Start of Dataset records

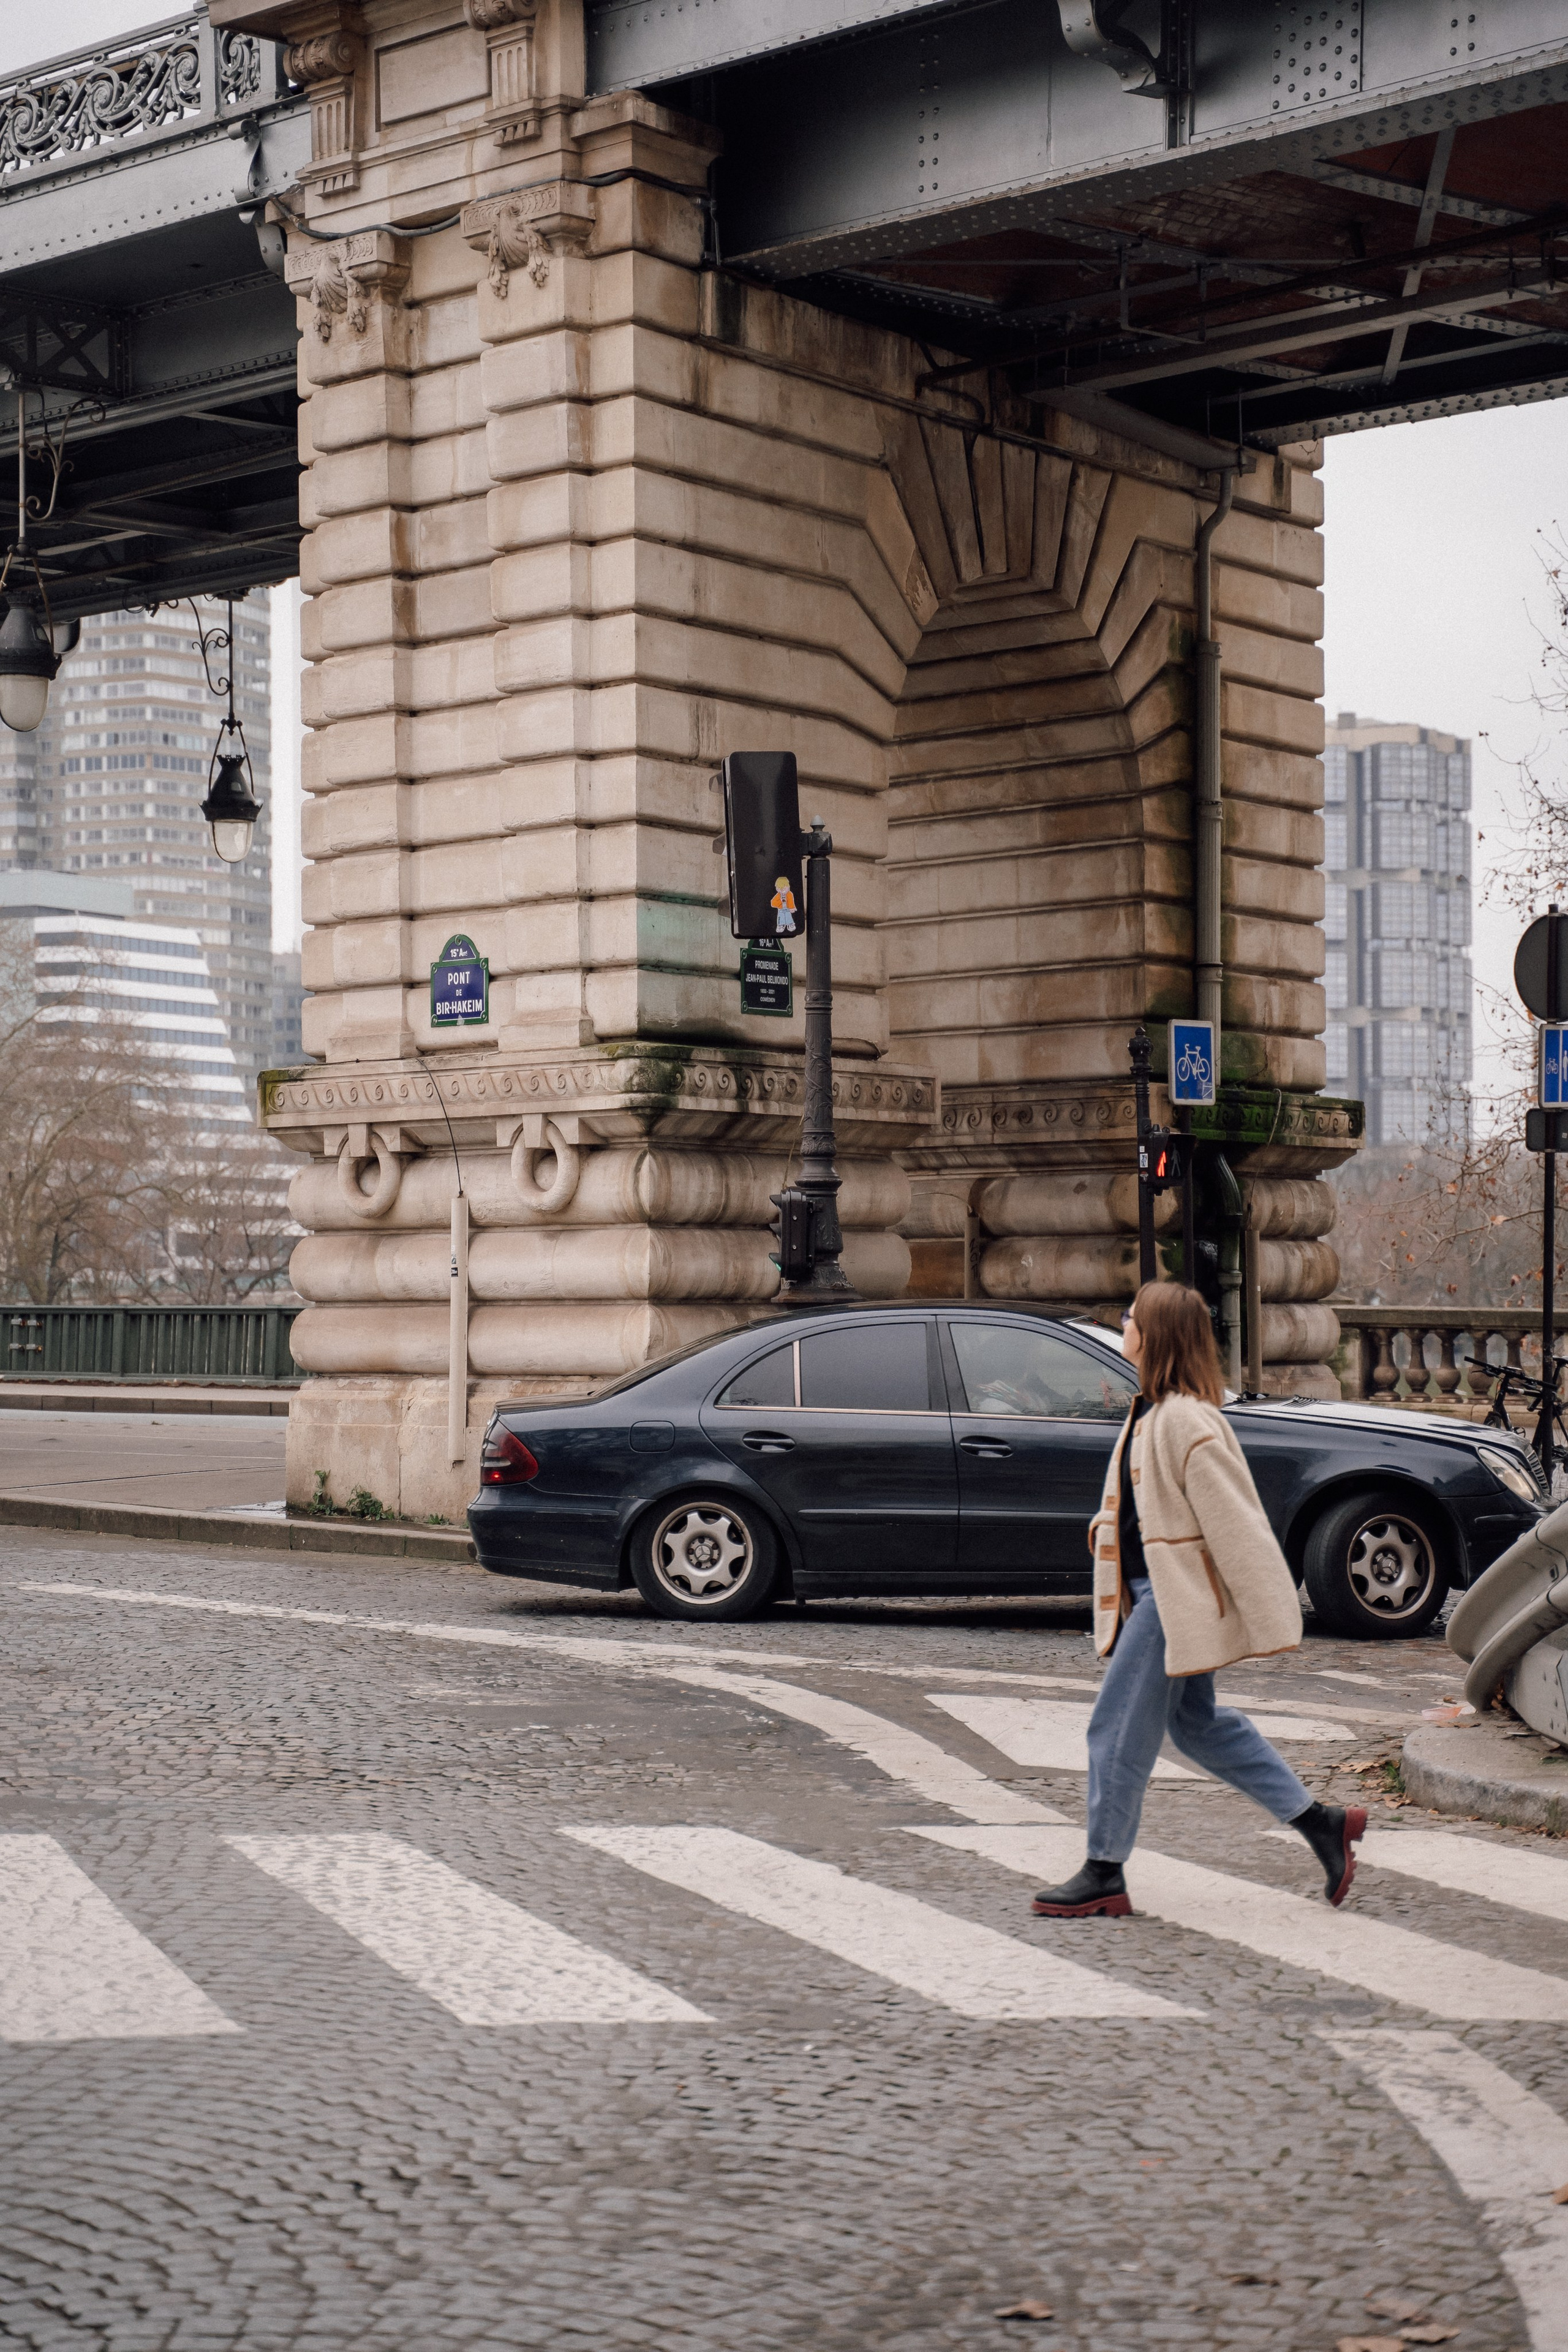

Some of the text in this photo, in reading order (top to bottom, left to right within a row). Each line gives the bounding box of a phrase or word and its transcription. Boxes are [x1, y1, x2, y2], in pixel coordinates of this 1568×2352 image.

[755, 960, 778, 970] PROMENADE
[448, 971, 470, 986] PONT
[745, 973, 788, 985] JEAN-PAUL BELMONDO
[436, 999, 483, 1015] BIR-HAKEIM
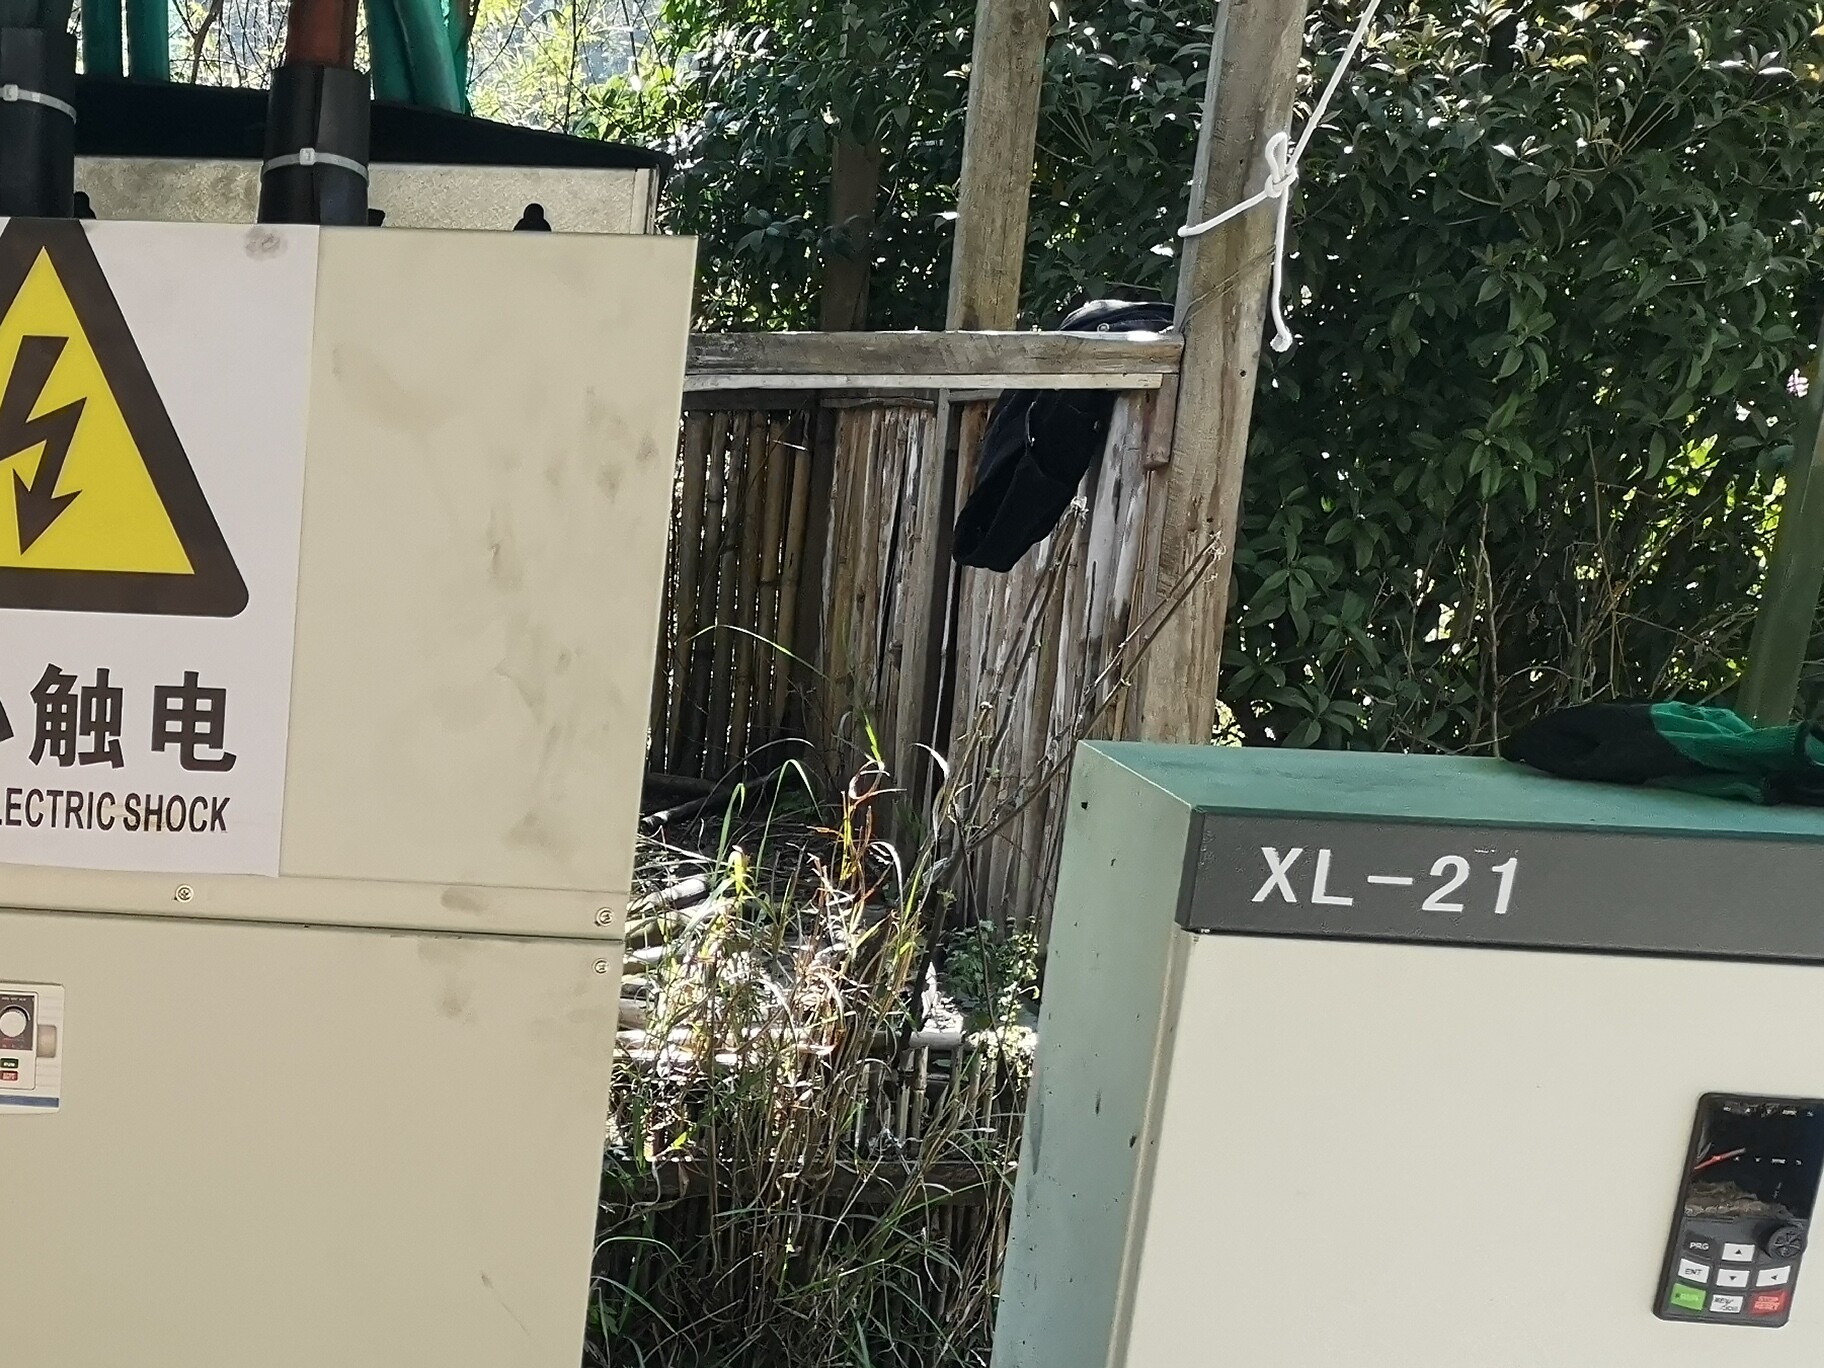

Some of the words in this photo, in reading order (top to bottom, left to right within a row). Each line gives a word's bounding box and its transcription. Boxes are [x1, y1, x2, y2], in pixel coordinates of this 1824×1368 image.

[122, 792, 231, 833] SHOCK
[1251, 846, 1519, 915] XL-21
[1689, 1241, 1709, 1251] PRG
[1684, 1268, 1703, 1276] ENT

End of Dataset records

> **Task to carry out**: Reproduce each line of the entries above from the one containing "Some of the words" through the last, exactly, and no other line.

> **Task result**:
Some of the words in this photo, in reading order (top to bottom, left to right within a row). Each line gives a word's bounding box and its transcription. Boxes are [x1, y1, x2, y2], in pixel coordinates of this 1824×1368 image.

[122, 792, 231, 833] SHOCK
[1251, 846, 1519, 915] XL-21
[1689, 1241, 1709, 1251] PRG
[1684, 1268, 1703, 1276] ENT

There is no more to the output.